When I go in for my physical, I will be handed a form to complete to evaluate my present mental health. I am given this form, because some “protocol” says that they should do it and the clinic can charge an insurer or Medicare $35.00, for which the clinic may only be “reimbursed” $3.50, because some other computer says that is all they should be paid for a “claim” presented electronically to that computer over some digital network.
There may be 10 or so “yes/no” questions, answered by checking a box so that, without human eyes, it can be machine-read, and without medical minds evaluating the answer, by a computer program that will then use it to write a “medical record” making up some medically sounding text in response to an affirmative answer to comply with a “diagnostic” coding manual, now also electronically interacting with the clinic’s computer system, that then goes into my permanent medical file, digitally stored who knows where, for who knows how long, and accessible by who knows whom.
The last question is always a version of “have you considered suicide recently?”
Now that I have read your essay tonight and not wanting to answer untruthfully, because that questionnaire might be considered a “government record” since payment for administering it may be reimbursed through some governmental agency, thereby giving some overly zealous prosecutor an excuse for a criminal prosecution, under some broad and ambiguous law, or, in the case of a federal agency, perhaps a regulation that Congress had no hand in crafting, if the answer is not truthful, I will leave the answer blank.

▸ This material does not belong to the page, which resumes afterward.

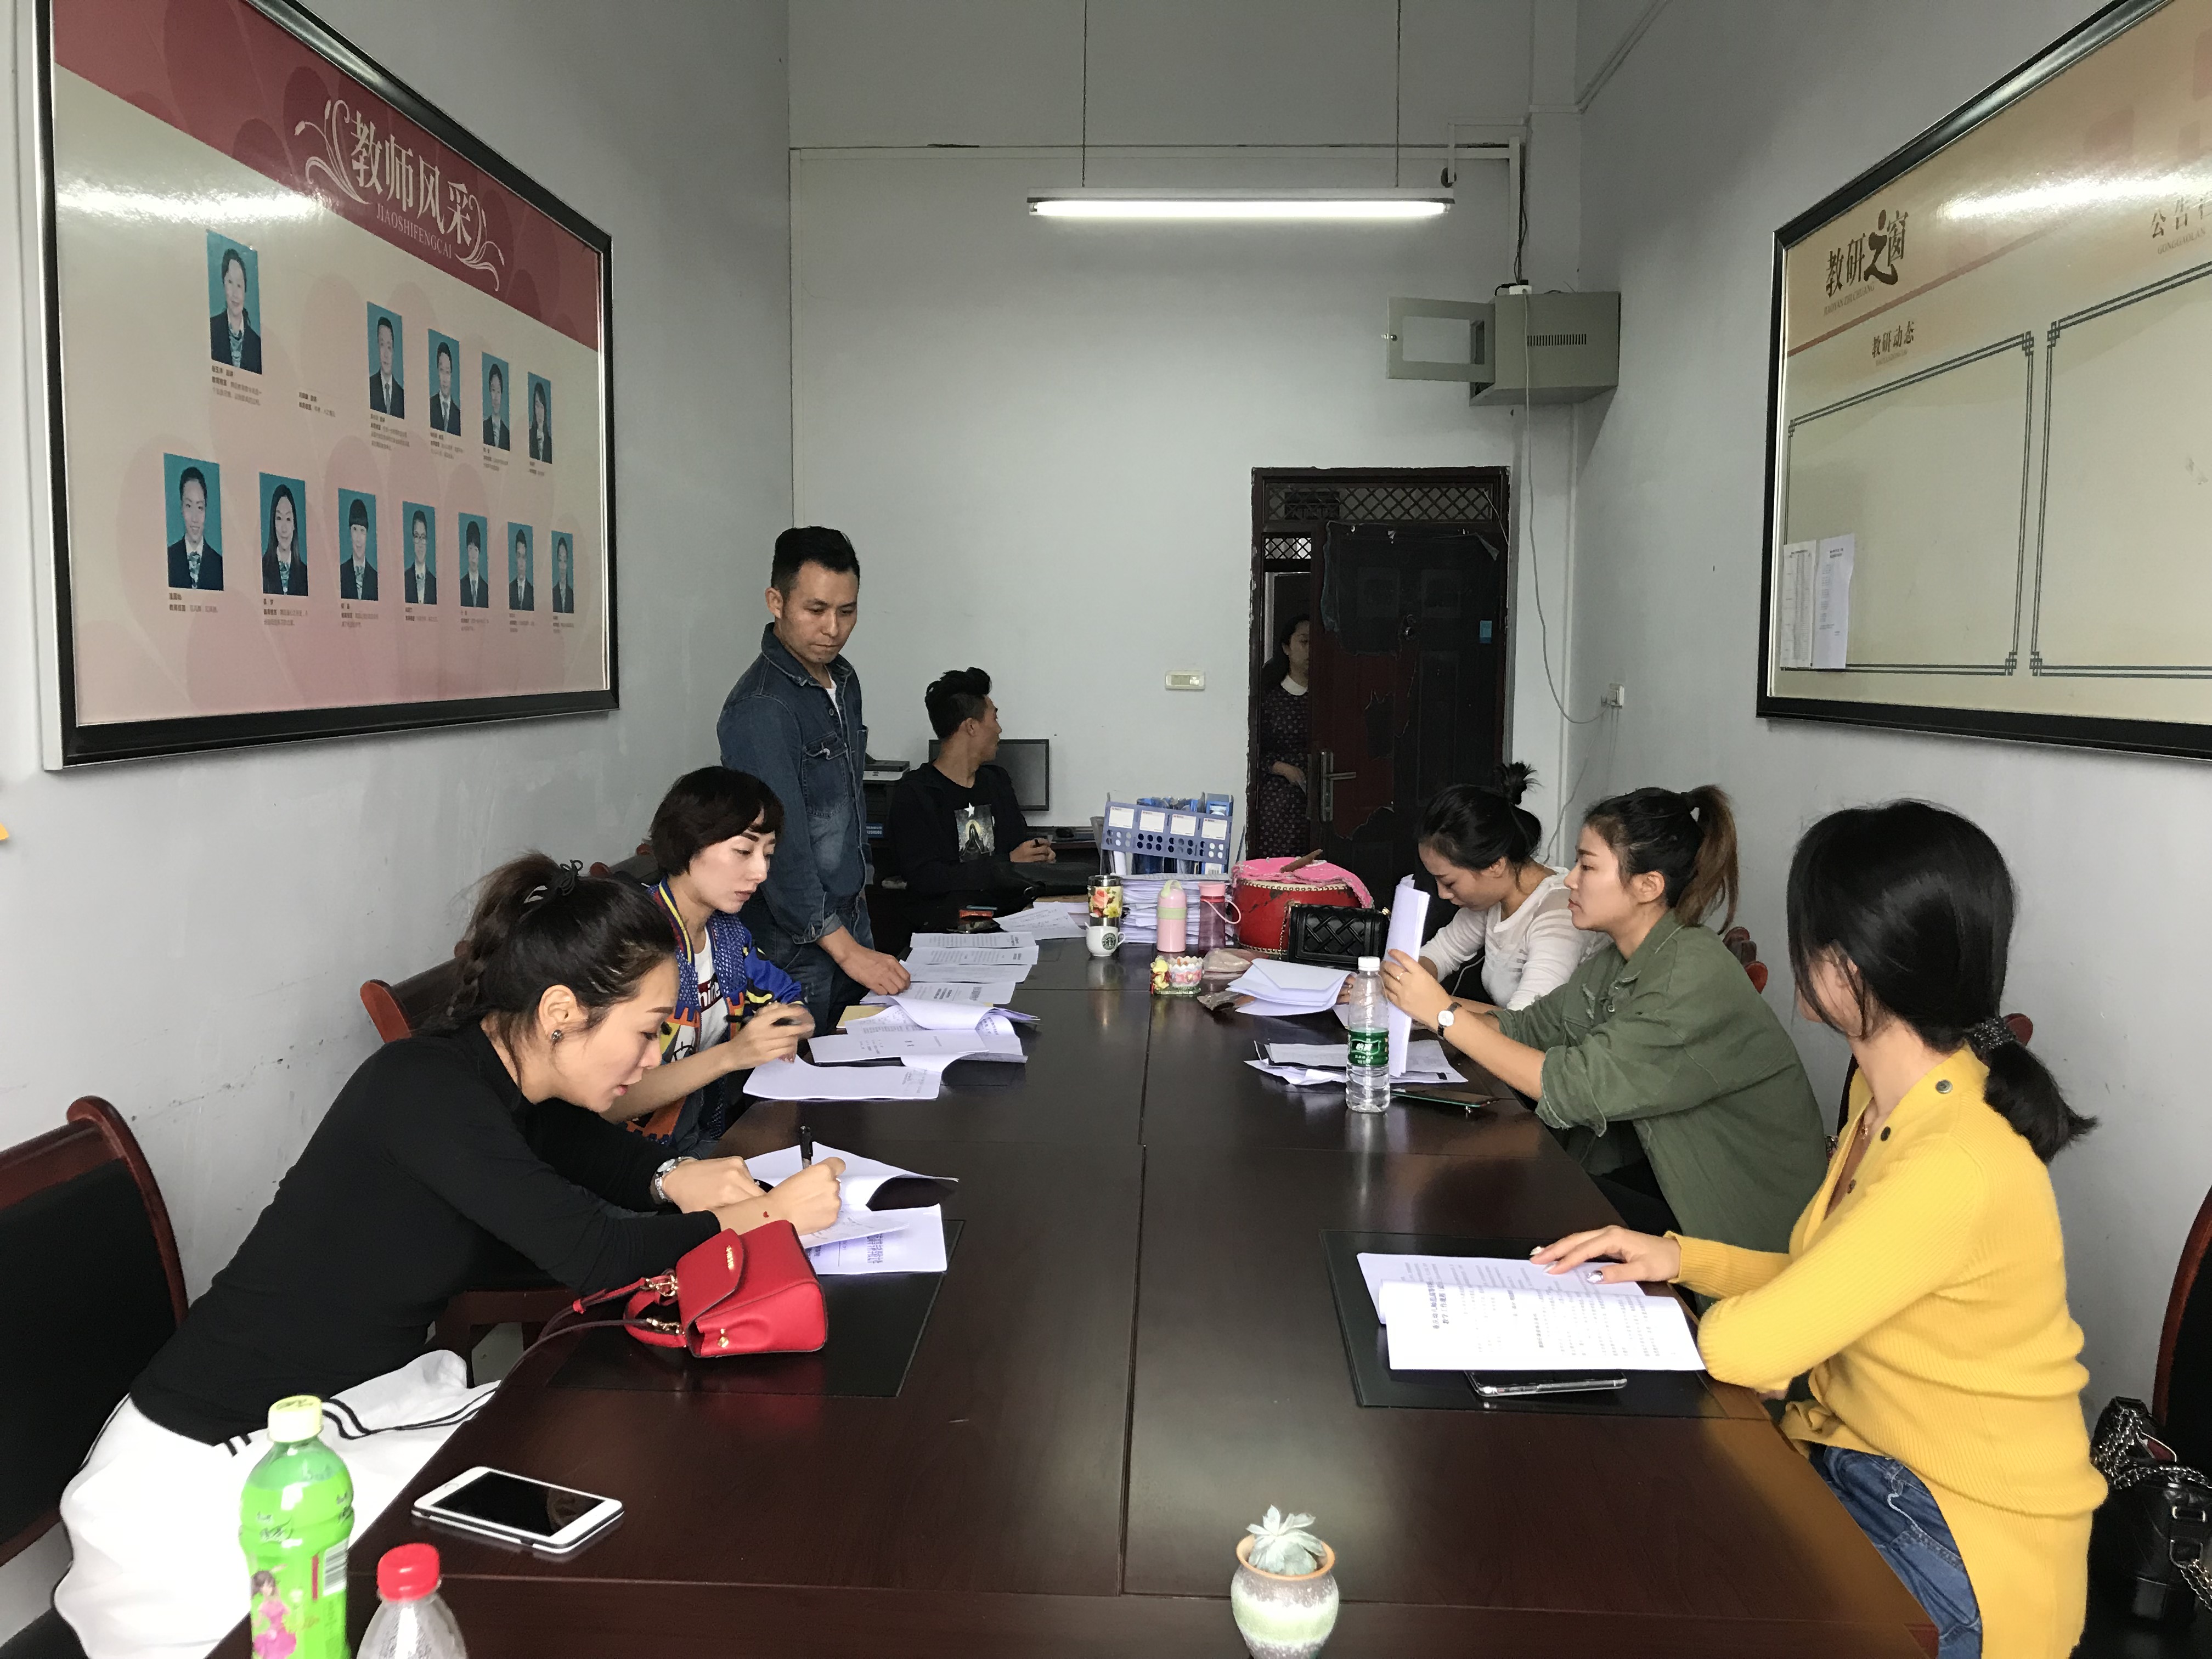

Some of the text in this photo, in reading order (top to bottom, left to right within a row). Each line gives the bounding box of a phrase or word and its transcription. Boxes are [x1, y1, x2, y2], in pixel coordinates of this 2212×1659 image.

If the doctor had asked the question of me directly, I would have answered “yes, but not my own. You see, last night I was reading Prof. Brand’s splendid essay on ‘Information, knowledge, wisdom.’ It started off with a photograph of French painter Jacques-Louis David’s 1787 painting ‘La Mort de Socrates’, which in turn spurred my neurons to recall the trial of Socrates of which I had read in Plato’s Socratic dialogues including ‘the Socratic Apology.’ There Socrates was tried by an overly zealous prosecutor for ‘moral corruption of Athenian youth’ and ‘impiety’ through his teachings at his academy. Convicted by an Athenian jury of 501 men, the prosecutor recommended the death penalty, which he was given. Although encouraged by his friends, followers and students to flee Athens, ever faithful to his teaching of civic obedience to the law, Socrates executed his own death sentence by drinking hemlock, as he was condemned to do at his trial.”
Well, that explanation would have never ended up in my medical records (perhaps because it is too long for a doctor to write down), and I would perhaps also be spared of a criminal accusation that I had lied on what might be considered a government record.
[Before a reader might consider me under some sort of paranoia for its telling, I offer this story as only a feeble attempt to come up with a weak example of information, knowledge and wisdom.]